What the task requires: What is needed here is an exact copy of every record below.

Provided data:
== Segment start ==

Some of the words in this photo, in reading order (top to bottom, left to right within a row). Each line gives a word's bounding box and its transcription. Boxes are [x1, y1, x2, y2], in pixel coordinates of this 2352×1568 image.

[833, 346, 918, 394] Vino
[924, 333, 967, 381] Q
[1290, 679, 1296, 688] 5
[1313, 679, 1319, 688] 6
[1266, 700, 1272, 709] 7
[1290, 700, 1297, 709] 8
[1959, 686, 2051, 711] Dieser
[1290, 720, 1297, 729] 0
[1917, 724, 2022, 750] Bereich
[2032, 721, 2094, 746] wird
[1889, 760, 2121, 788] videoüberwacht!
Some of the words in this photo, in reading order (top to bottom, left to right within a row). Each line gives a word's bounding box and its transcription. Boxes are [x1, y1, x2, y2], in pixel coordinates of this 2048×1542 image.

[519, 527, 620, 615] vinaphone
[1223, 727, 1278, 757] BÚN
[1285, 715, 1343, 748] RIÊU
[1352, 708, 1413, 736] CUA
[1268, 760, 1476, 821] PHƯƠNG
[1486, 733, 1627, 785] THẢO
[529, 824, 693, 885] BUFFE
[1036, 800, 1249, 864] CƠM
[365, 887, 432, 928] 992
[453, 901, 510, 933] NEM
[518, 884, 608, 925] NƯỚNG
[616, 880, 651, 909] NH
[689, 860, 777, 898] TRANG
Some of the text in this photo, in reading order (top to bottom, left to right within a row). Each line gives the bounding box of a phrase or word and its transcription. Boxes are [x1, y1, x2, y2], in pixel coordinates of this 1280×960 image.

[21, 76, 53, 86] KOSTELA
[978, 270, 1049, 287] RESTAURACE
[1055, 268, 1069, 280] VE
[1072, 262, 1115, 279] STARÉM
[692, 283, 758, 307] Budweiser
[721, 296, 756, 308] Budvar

== Segment end ==

Solution to this exercise:
Some of the words in this photo, in reading order (top to bottom, left to right within a row). Each line gives a word's bounding box and its transcription. Boxes are [x1, y1, x2, y2], in pixel coordinates of this 2352×1568 image.

[833, 346, 918, 394] Vino
[924, 333, 967, 381] Q
[1290, 679, 1296, 688] 5
[1313, 679, 1319, 688] 6
[1266, 700, 1272, 709] 7
[1290, 700, 1297, 709] 8
[1959, 686, 2051, 711] Dieser
[1290, 720, 1297, 729] 0
[1917, 724, 2022, 750] Bereich
[2032, 721, 2094, 746] wird
[1889, 760, 2121, 788] videoüberwacht!
Some of the words in this photo, in reading order (top to bottom, left to right within a row). Each line gives a word's bounding box and its transcription. Boxes are [x1, y1, x2, y2], in pixel coordinates of this 2048×1542 image.

[519, 527, 620, 615] vinaphone
[1223, 727, 1278, 757] BÚN
[1285, 715, 1343, 748] RIÊU
[1352, 708, 1413, 736] CUA
[1268, 760, 1476, 821] PHƯƠNG
[1486, 733, 1627, 785] THẢO
[529, 824, 693, 885] BUFFE
[1036, 800, 1249, 864] CƠM
[365, 887, 432, 928] 992
[453, 901, 510, 933] NEM
[518, 884, 608, 925] NƯỚNG
[616, 880, 651, 909] NH
[689, 860, 777, 898] TRANG
Some of the text in this photo, in reading order (top to bottom, left to right within a row). Each line gives the bounding box of a phrase or word and its transcription. Boxes are [x1, y1, x2, y2], in pixel coordinates of this 1280×960 image.

[21, 76, 53, 86] KOSTELA
[978, 270, 1049, 287] RESTAURACE
[1055, 268, 1069, 280] VE
[1072, 262, 1115, 279] STARÉM
[692, 283, 758, 307] Budweiser
[721, 296, 756, 308] Budvar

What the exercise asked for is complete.